Opening Ceremony will be 'both spectacular and deeply human'
The Paralympic Opening Ceremony will be an "exquisite journey of discovery" with Professor Stephen Hawking as a guide, its co-artistic director has said.
The Big Bang theory scientist, who has motor neurone disease, is appearing live at the curtain raiser in the Olympic Stadium in Stratford, east London.
Empowerment and challenging perceptions are some of the themes of the show, called Enlightenment, which also stars Sir Ian McKellen and references Shakespeare's The Tempest.
The spectacular Opening Ceremony will feature a host of deaf and disabled artists, local children and performers newly trained in circus skills.

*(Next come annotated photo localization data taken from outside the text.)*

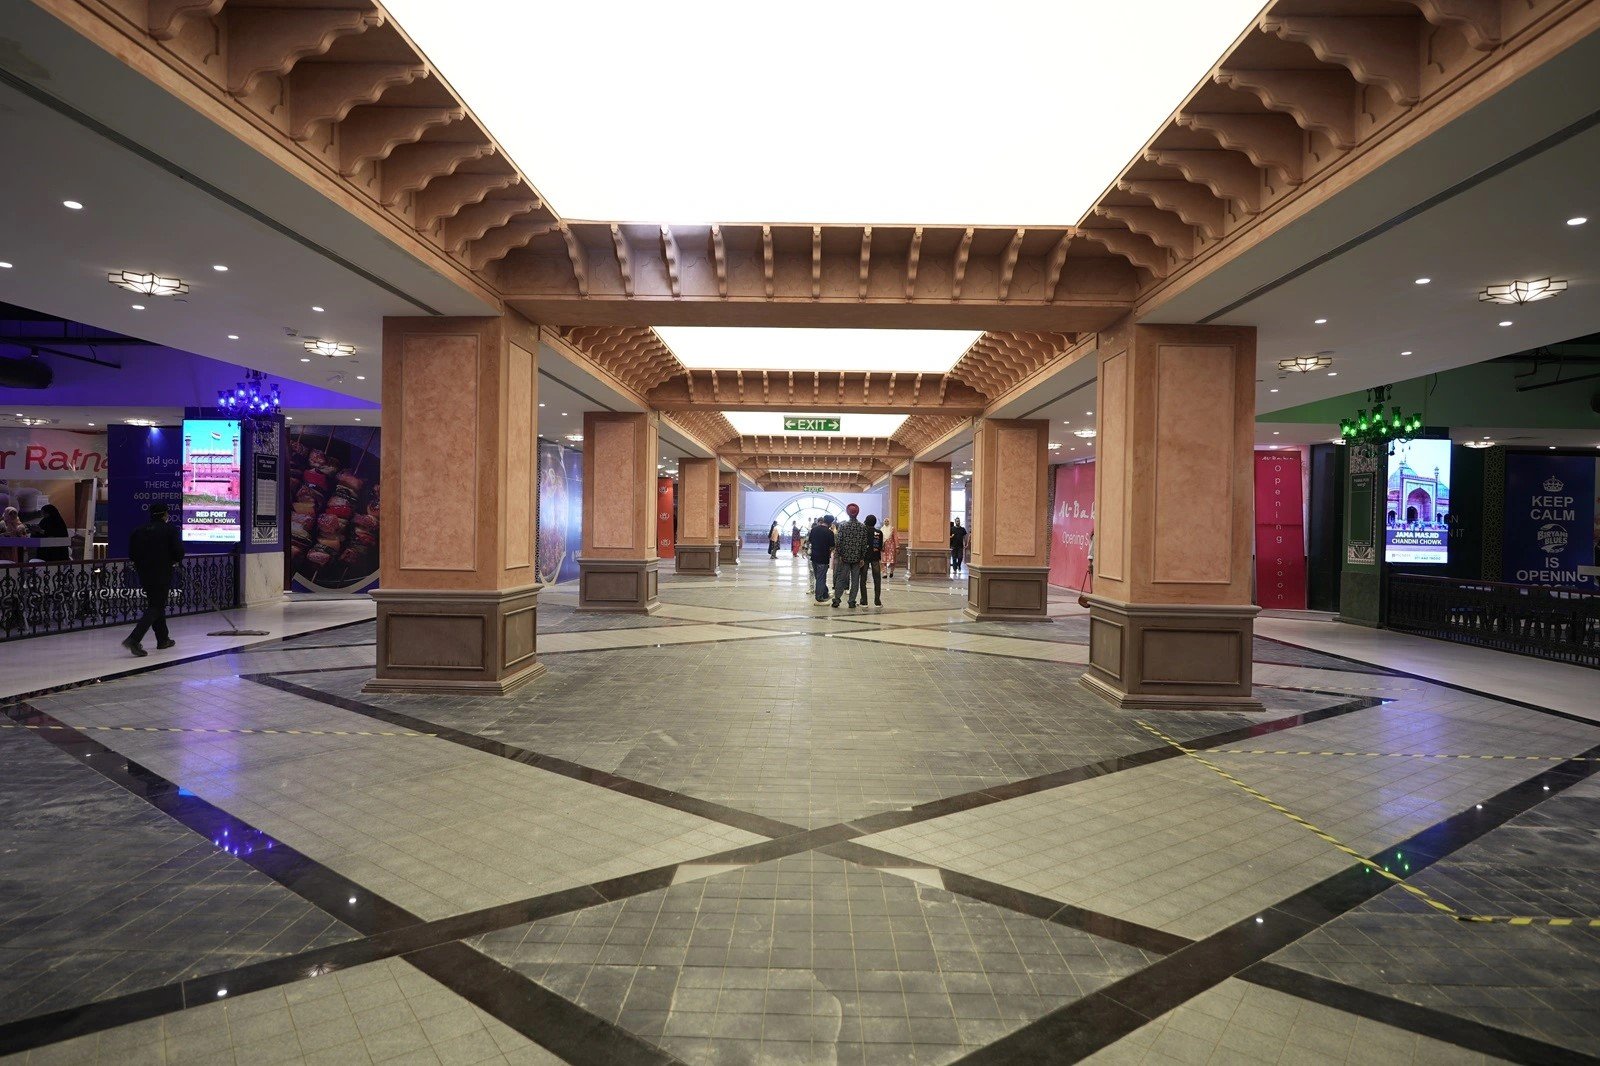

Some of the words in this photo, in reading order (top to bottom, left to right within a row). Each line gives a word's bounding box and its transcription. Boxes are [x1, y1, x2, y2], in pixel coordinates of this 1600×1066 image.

[797, 419, 827, 430] EXIT
[146, 456, 160, 465] Did
[162, 457, 179, 468] you
[144, 480, 170, 488] THERE
[133, 492, 151, 500] 600
[1531, 495, 1574, 508] KEEP
[1530, 508, 1575, 521] CALM
[1544, 537, 1568, 545] BLUES
[1544, 557, 1560, 569] IS
[1516, 570, 1588, 582] OPENING
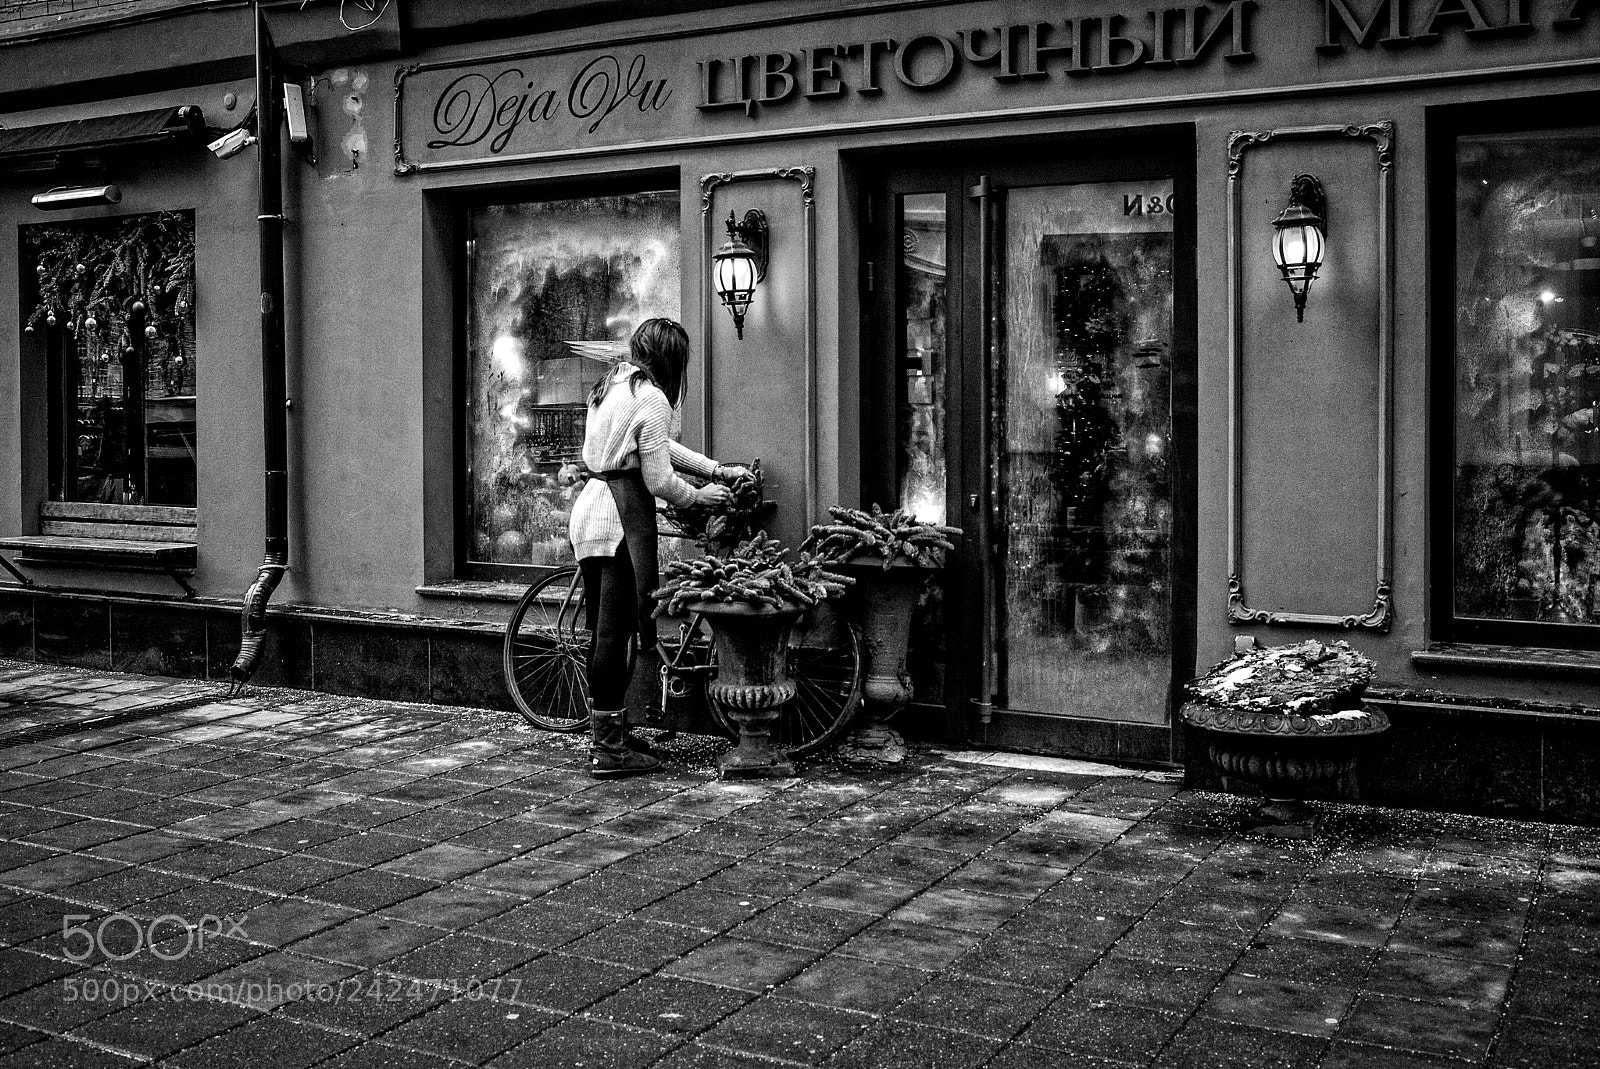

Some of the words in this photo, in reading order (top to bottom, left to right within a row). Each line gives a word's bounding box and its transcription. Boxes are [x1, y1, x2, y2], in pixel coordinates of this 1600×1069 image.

Many details have been kept under wraps, but Bradley Hemmings, who has been responsible for its organisation alongside fellow artistic director Jenny Sealey, promised it would be "both spectacular and deeply human".
The show, signalling the start of 11 days of competition by nearly 4,300 athletes from 166 countries, will be opened by a flypast by Aerobility, a charity that trains disabled people to become pilots.
The show will be opened by a flypast by Aerobility, a charity that trains disabled people to become pilots. It will close with Beverley Knight signing I Am What I Am and observers encouraged to sign and sing along with the music.
The cast also includes past Paralympians and injured soldiers. More than 3,000 adult volunteers are taking part in the ceremony, along with more than 100 children, many of whom hail from east London, and a professional cast of 100.
More than 2.4 million tickets have been sold already, half a million of those to overseas visitors. Ten thousand tickets will be available each day during the event and the Games are on course to be the first Paralympics to sell out.
The artistic directors share a long history of staging live show and working with deaf and disabled artists.
Nottingham-born Ms Sealey has been the artistic director of Britain's flagship disabled-led theatre company Graeae since 1997.
Having lost her hearing aged seven, she uses sign language to create her shows. She gets a small amount of distorted sound through a hearing aid.